In Tyringham, police hazed a young female who was threatening traffic along busy Monterey Road. At the same time 70 miles east in Westminster, a homeowner along Sunset Road was dealing with a dead 450-pound moose in a swimming pool. Not far south, in Rutland, local police carried out the grisly task of euthanizing a moose that had been hit by a car along Route 122A.
These are just three of hundreds of moose incidents - including sightings, injuries and deaths - that state Environmental Police have logged over the past four years. Patch obtained public records documenting moose interactions with humans after three of the massive ungulates appeared in Worcester in October.
A majority of the human-moose interactions occurred west of I-495, although there were some notable exceptions, like the one seen several times in Belmont in 2016 and another spotted at a Canton school in 2018.
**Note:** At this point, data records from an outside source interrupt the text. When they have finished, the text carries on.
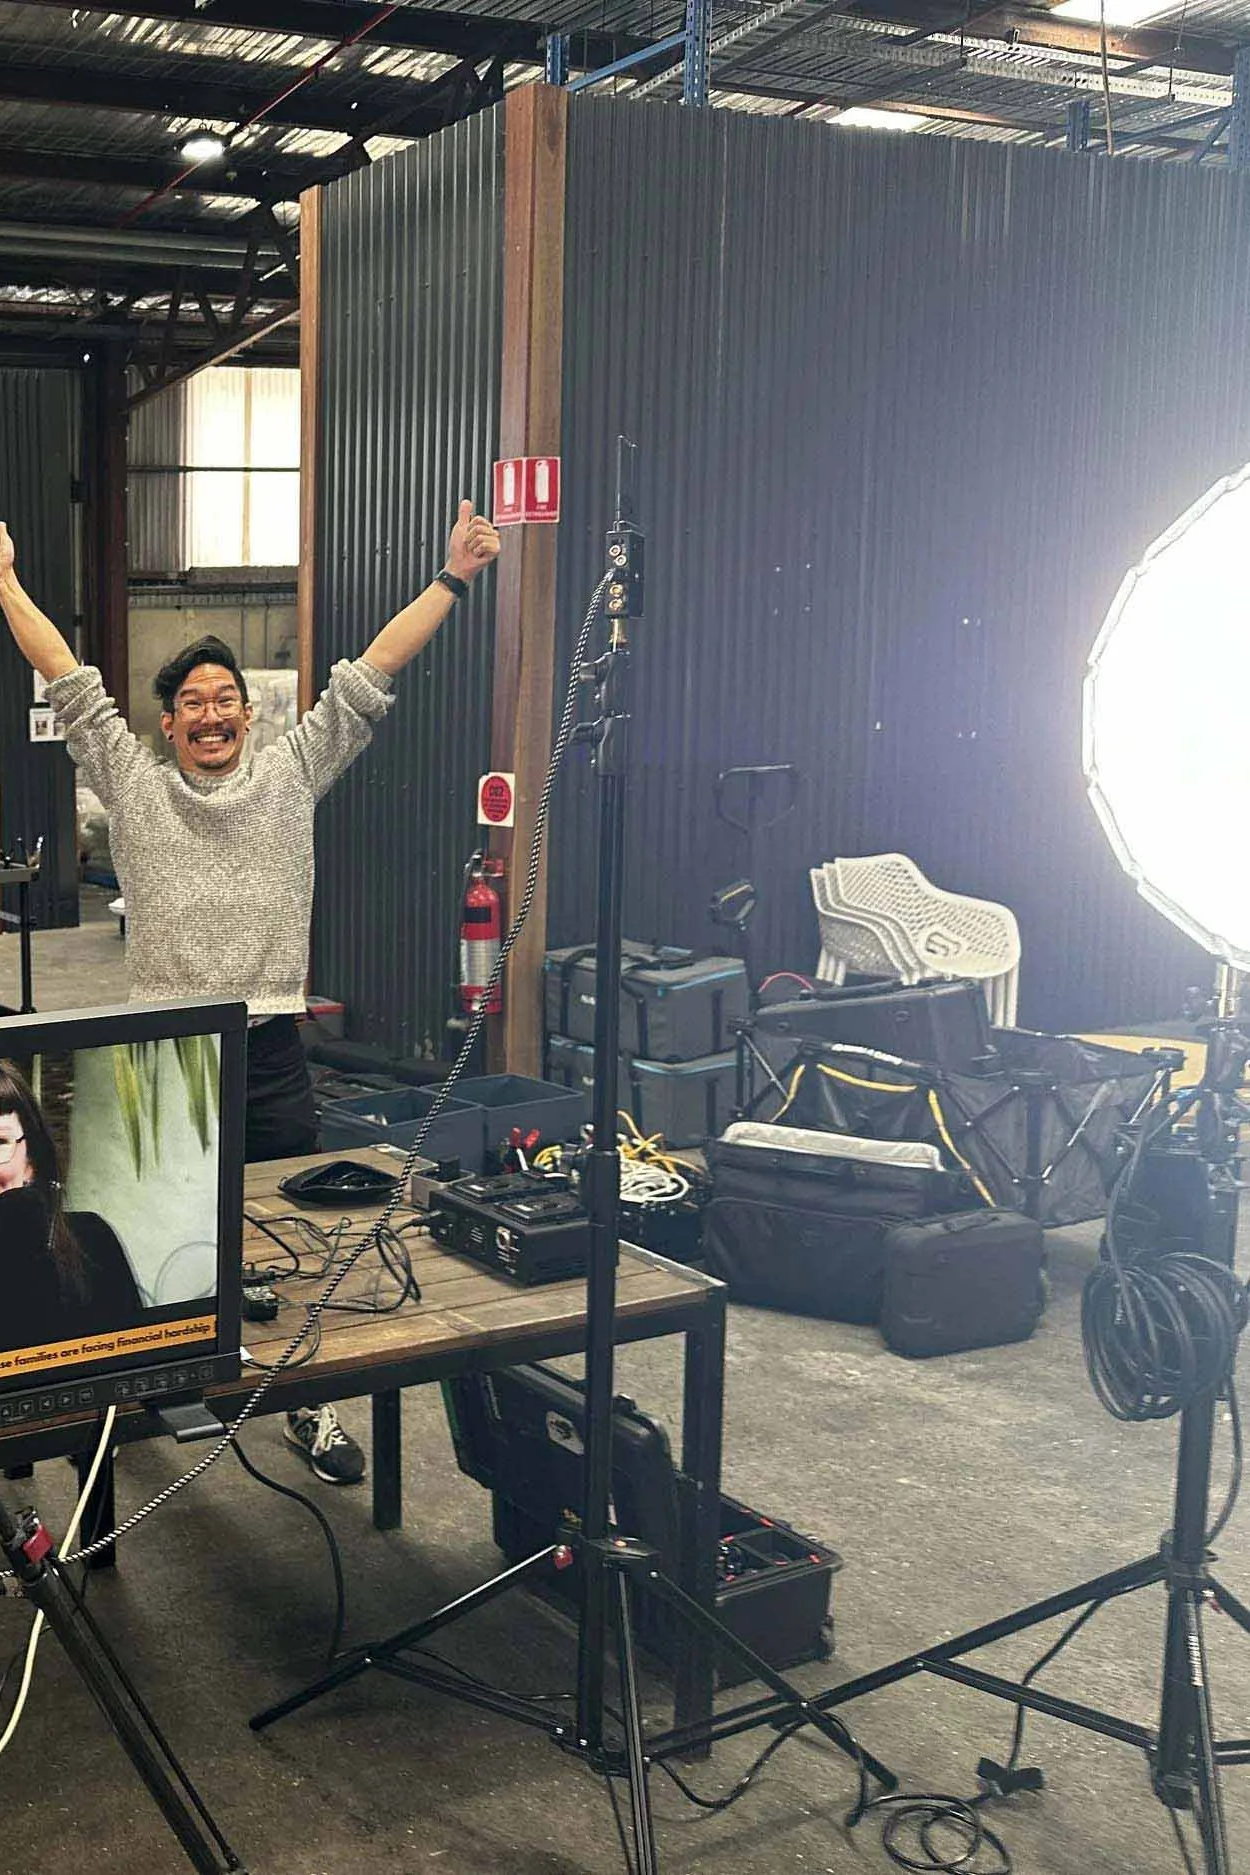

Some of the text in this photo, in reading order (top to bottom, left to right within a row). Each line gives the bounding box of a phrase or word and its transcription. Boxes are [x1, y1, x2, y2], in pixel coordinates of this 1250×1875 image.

[14, 1351, 59, 1367] families
[60, 1347, 80, 1358] are
[81, 1340, 115, 1356] facing
[117, 1330, 163, 1348] financial
[164, 1322, 211, 1339] hardship
In many cases, moose-human interactions end in the animal's death - after being hit by vehicles or being euthanized. Out of 223 Environmental Police reports Patch examined, 100 detailed the death of the moose. Forty-five of those involved car collisions, and 30 were deaths due to euthanasia - although some were shot due to parasites like brain worm and winter tick.
Moose-human interactions have risen steadily in recent decades, state wildlife experts said. Moose had been hunted to near-extinction in Massachusetts during the colonial era and the 19th century, but after the state began to regulate hunting in the early 1900s, their population began to rebound.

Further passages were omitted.